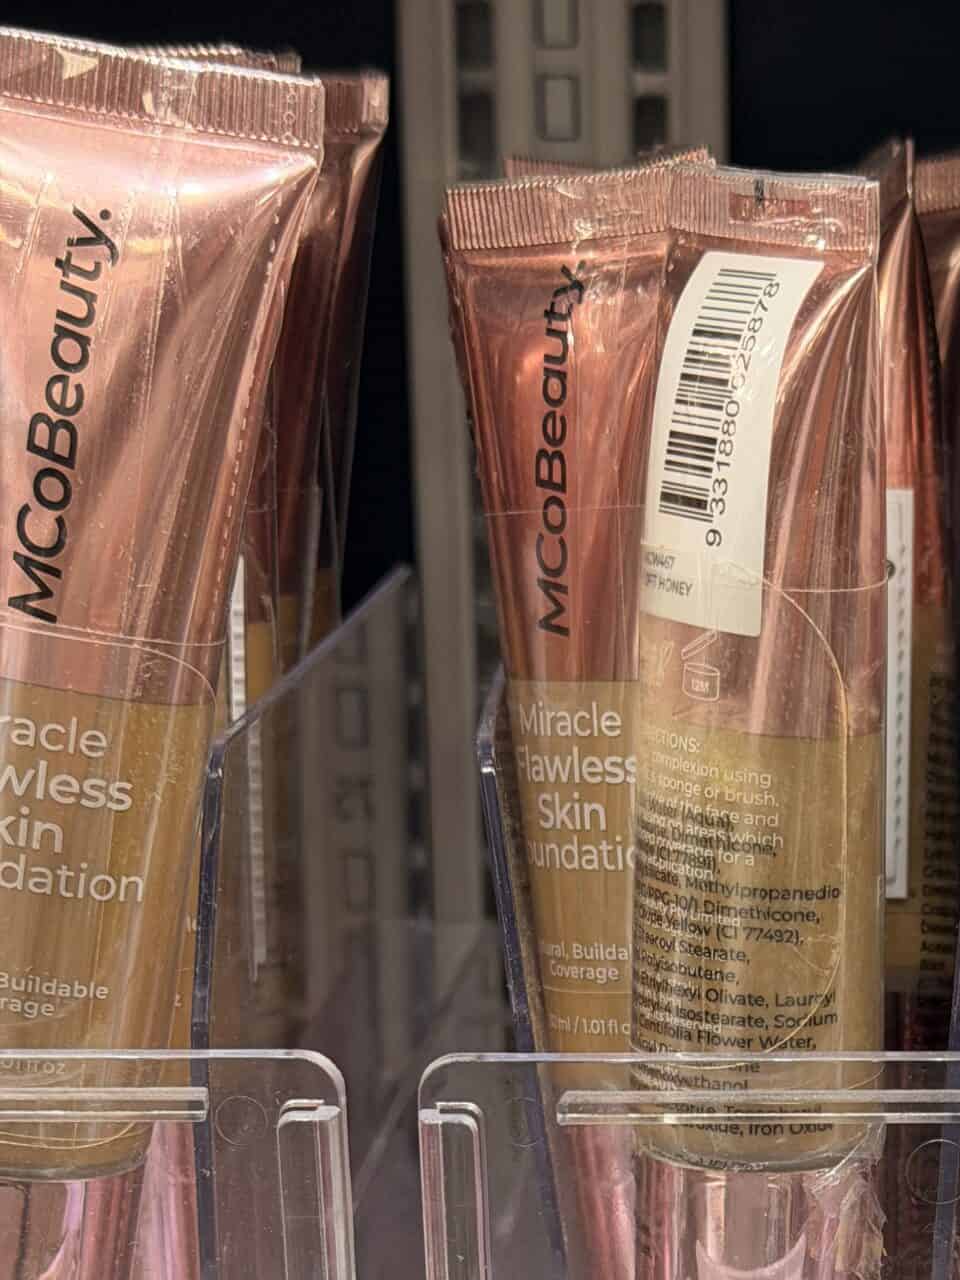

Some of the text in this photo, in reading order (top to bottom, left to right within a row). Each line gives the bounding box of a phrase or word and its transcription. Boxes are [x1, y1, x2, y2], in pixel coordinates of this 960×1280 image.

[710, 399, 740, 515] 331880
[705, 528, 722, 546] 9
[520, 701, 622, 737] Miracle
[724, 767, 772, 790] using
[725, 786, 780, 808] brush.
[538, 792, 607, 831] Skin
[743, 812, 779, 827] and
[730, 829, 784, 849] which
[717, 846, 755, 867] for a
[703, 900, 820, 924] Dimethicone,
[742, 928, 804, 945] 77492),
[679, 940, 750, 965] Stearate,
[551, 960, 619, 984] Coverage
[705, 988, 769, 1009] Olivate,
[697, 1029, 754, 1049] Flower
[758, 1033, 817, 1050] Water,
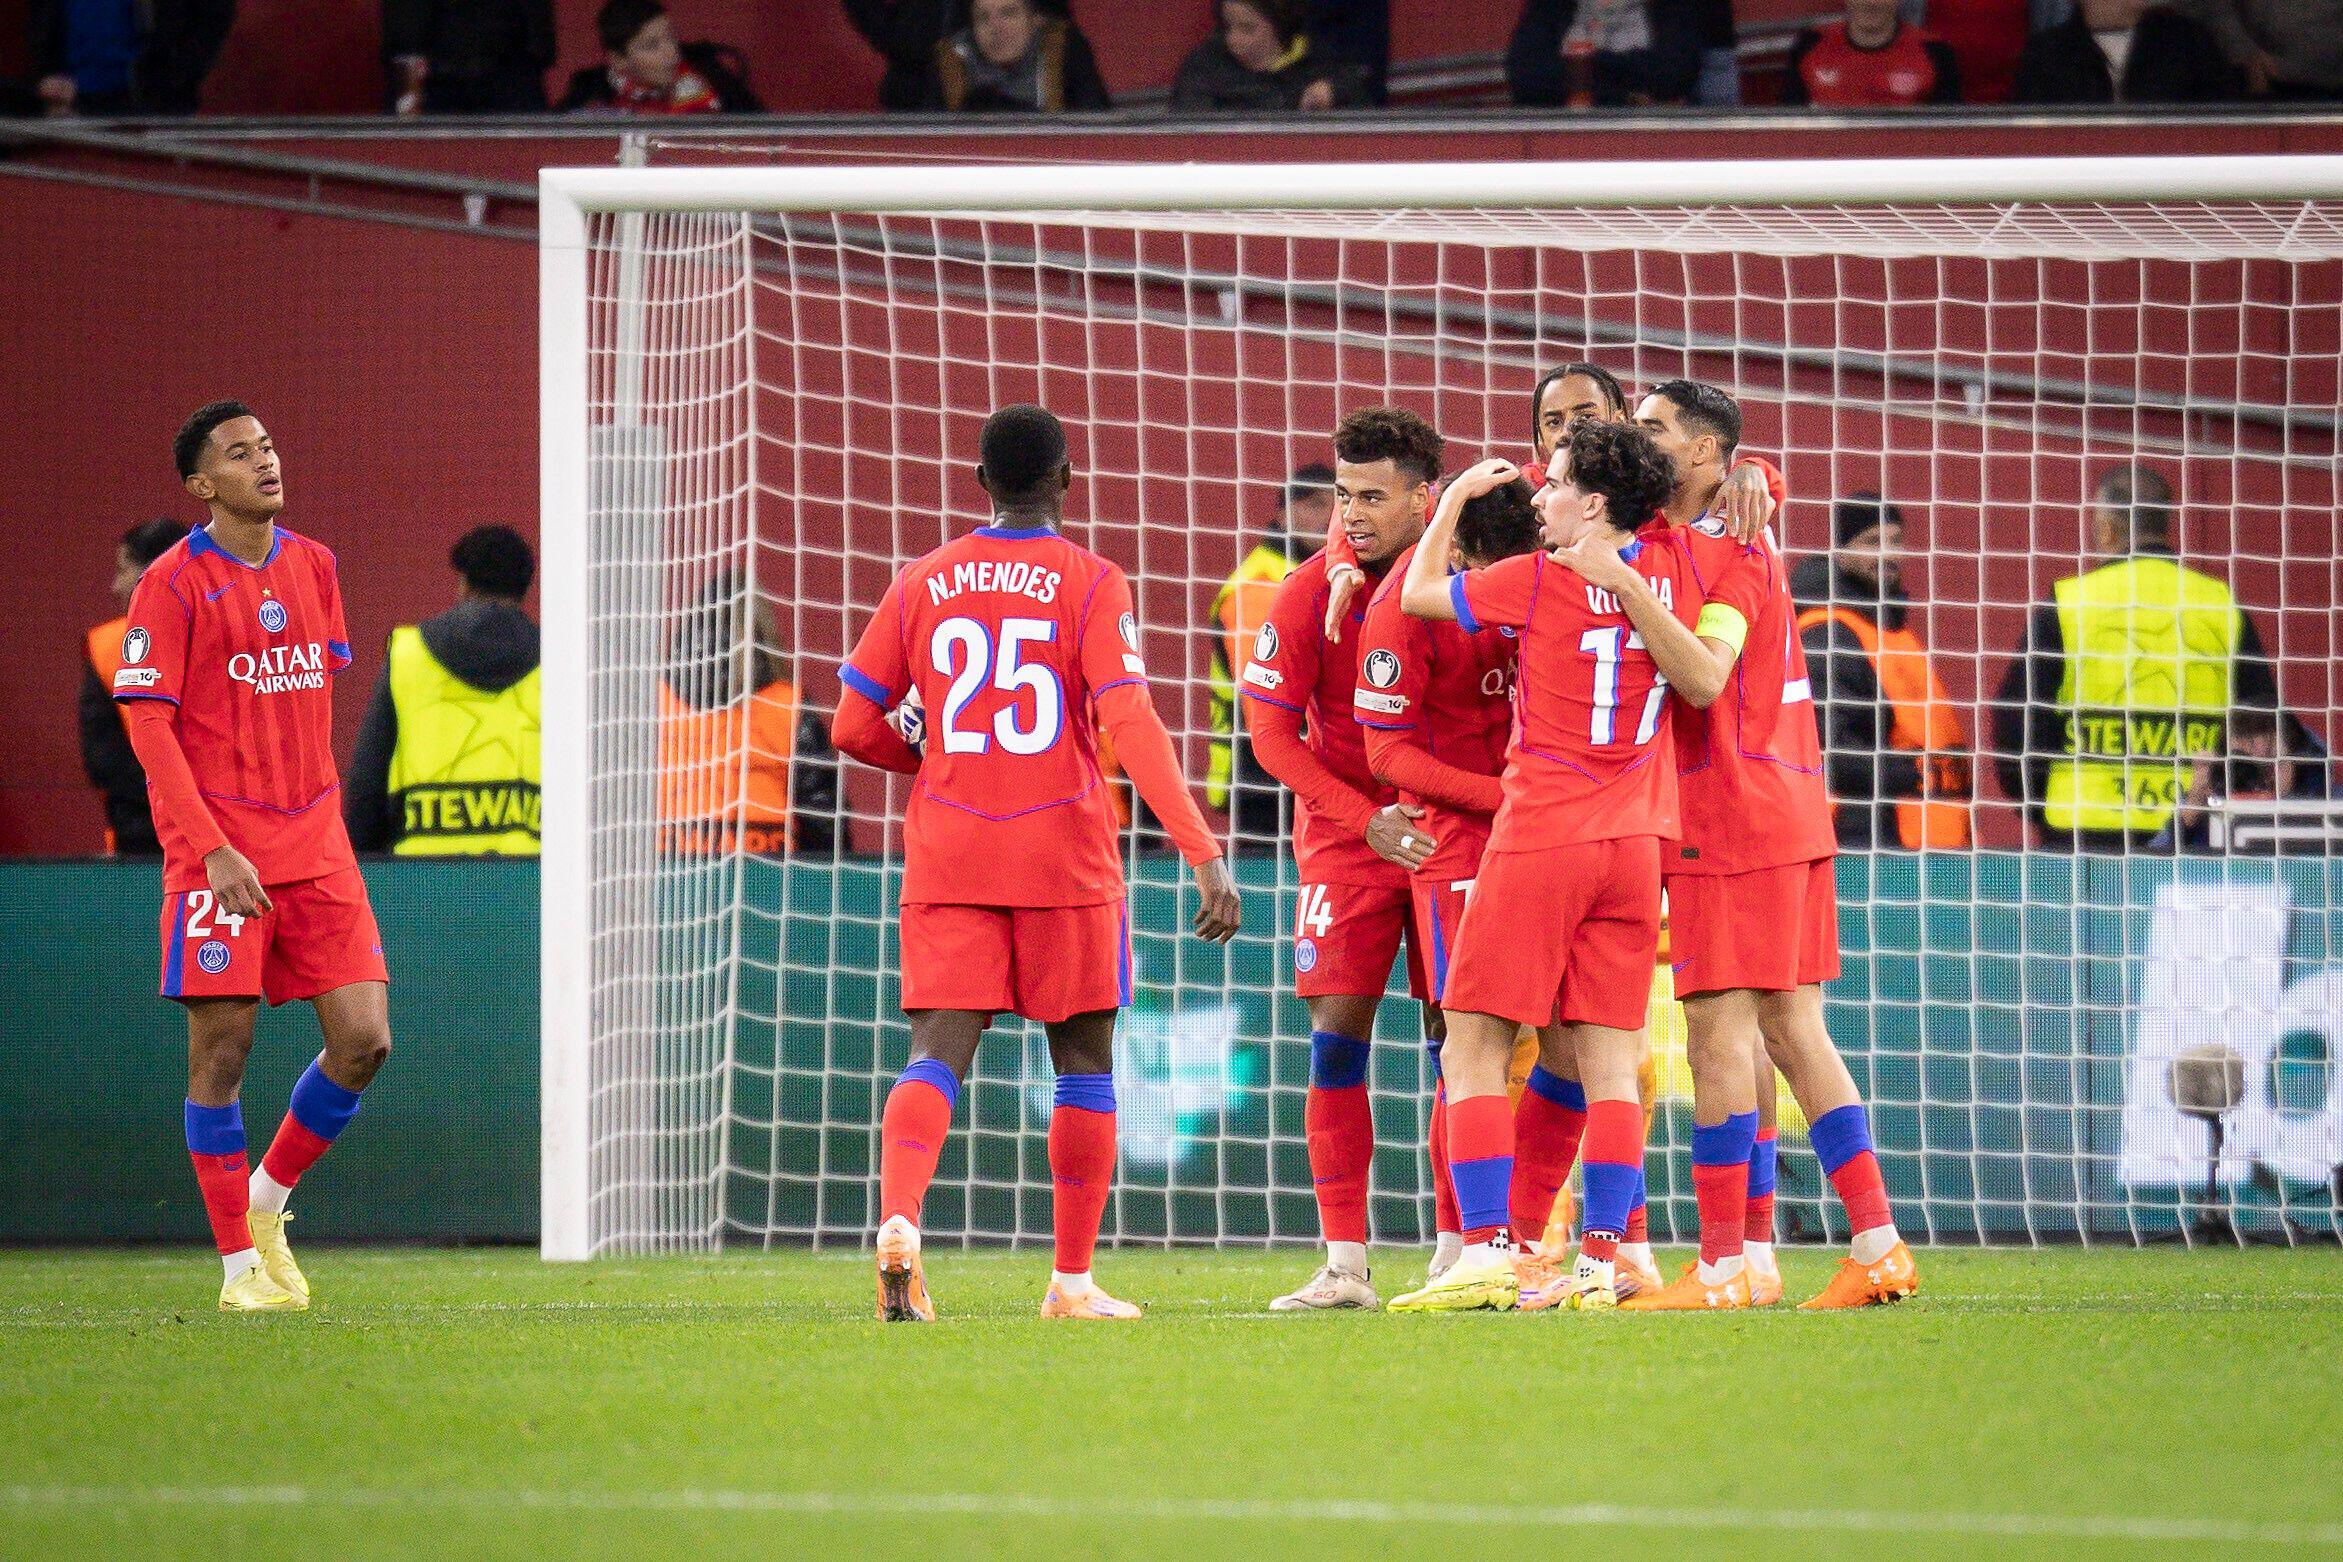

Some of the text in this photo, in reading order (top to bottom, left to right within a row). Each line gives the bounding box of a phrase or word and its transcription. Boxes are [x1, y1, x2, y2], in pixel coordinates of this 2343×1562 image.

[927, 561, 1062, 606] N.MENDES
[228, 643, 324, 685] QATAR
[255, 671, 325, 695] AIRWAYS
[930, 616, 1064, 755] 25
[186, 889, 246, 938] 24
[1297, 884, 1334, 937] 14
━━━━━━
Work instructions
Set out the material once more, exact in every line, with no images.

Exercise result
Some of the text in this photo, in reading order (top to bottom, left to right within a row). Each line gives the bounding box of a phrase or word and its transcription. Boxes are [x1, y1, x2, y2], in pixel coordinates of this 960×1280 image.

[710, 399, 740, 515] 331880
[705, 528, 722, 546] 9
[520, 701, 622, 737] Miracle
[724, 767, 772, 790] using
[725, 786, 780, 808] brush.
[538, 792, 607, 831] Skin
[743, 812, 779, 827] and
[730, 829, 784, 849] which
[717, 846, 755, 867] for a
[703, 900, 820, 924] Dimethicone,
[742, 928, 804, 945] 77492),
[679, 940, 750, 965] Stearate,
[551, 960, 619, 984] Coverage
[705, 988, 769, 1009] Olivate,
[697, 1029, 754, 1049] Flower
[758, 1033, 817, 1050] Water,

Some of the text in this photo, in reading order (top to bottom, left to right within a row). Each line gives the bounding box of a phrase or word and its transcription. Boxes are [x1, y1, x2, y2], in pixel coordinates of this 2343×1562 image.

[927, 561, 1062, 606] N.MENDES
[228, 643, 324, 685] QATAR
[255, 671, 325, 695] AIRWAYS
[930, 616, 1064, 755] 25
[186, 889, 246, 938] 24
[1297, 884, 1334, 937] 14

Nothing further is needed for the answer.